Rosengren: No Hike Risks Cutting Recovery, Creating Imbalances

By not raising the federal funds rate target threatens the economic recovery and creates imbalances that have led to recessions, Federal Reserve Bank of Boston President and CEO Eric S. Rosengren said Friday.

"I am arguing for modest, gradual tightening now, out of concern that not doing so today will put the recovery's duration and sustainability at greater risk, by generating the sorts of significant imbalances that historically have led to a recession," he said in a statement on the Fed's website, explaining his dissention on the Federal Open Market committee vote to keep the target at 0.25% to 0.50%.

Rosengren said the economy is closer to meeting the Fed's dual mandate, with the labor market strengthening and inflation creeping up, despite headwinds from abroad, namely the Chinese economic woes, the Brexit vote and European banking woes.

"The economic progress since the last tightening in December might, by itself, be sufficient to justify a further increase in the rate target. However, it is in considering the implications of current policy for the sustainability of the expansion that the case for raising rates has now become even more compelling," he said.

Labor market forecasts for the next three years suggest considerable tightening, despite assumed rate increase. "By 2019, I expect the unemployment rate to have declined below 4.5 percent," Rosengren said. "While I have a long track record of advocating for policy that supports robust labor market conditions, that is below the rate that I believe is sustainable in the long run."

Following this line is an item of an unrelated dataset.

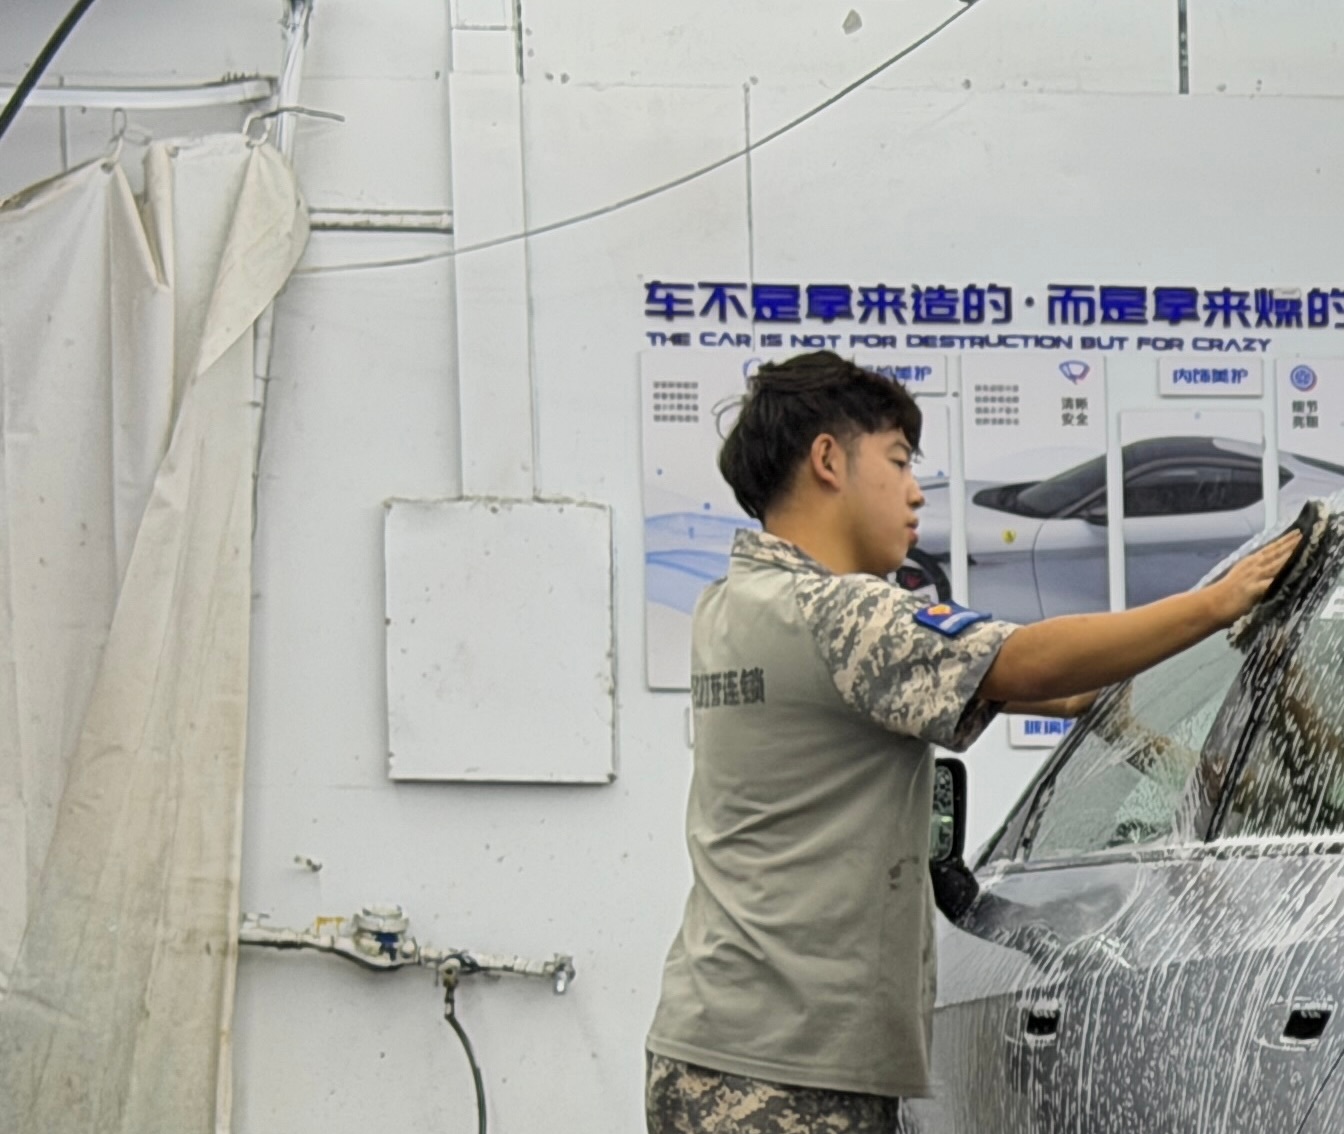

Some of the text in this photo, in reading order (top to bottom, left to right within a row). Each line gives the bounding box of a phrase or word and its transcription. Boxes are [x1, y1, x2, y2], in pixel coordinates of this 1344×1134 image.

The statement continued, "Unemployment this low may well have the desirable effect of bringing more workers into the labor force – but, unfortunately, only temporarily. Historical experience suggests it also risks overheating the economy, the effects of which include heightened pressure on inflation and potentially increasing financial-market imbalances. Gently backing the economy away from such imbalances has proven to be very difficult in the past. In fact, such overshoots have in the past always resulted in a recession, rather than a return to the full employment level. Accomplishing a soft landing is difficult, and very rarely achieved. This is true whether reducing the unemployment rate, such as from its recent high of 10 percent, or raising it back to its full employment value from below.

"My goal is to achieve a long and durable recovery – a sustainable expansion. For the reasons articulated above, I believe a significant overshoot of the full employment level could shorten, rather than lengthen, the duration of this recovery.

"It is important to note that even with a gradual increase in interest rates, monetary policy's stance would be accommodative and as such would lead to further improvement of labor market conditions. This would allow policymakers to continue testing to find the level of full employment – but gently, not sharply."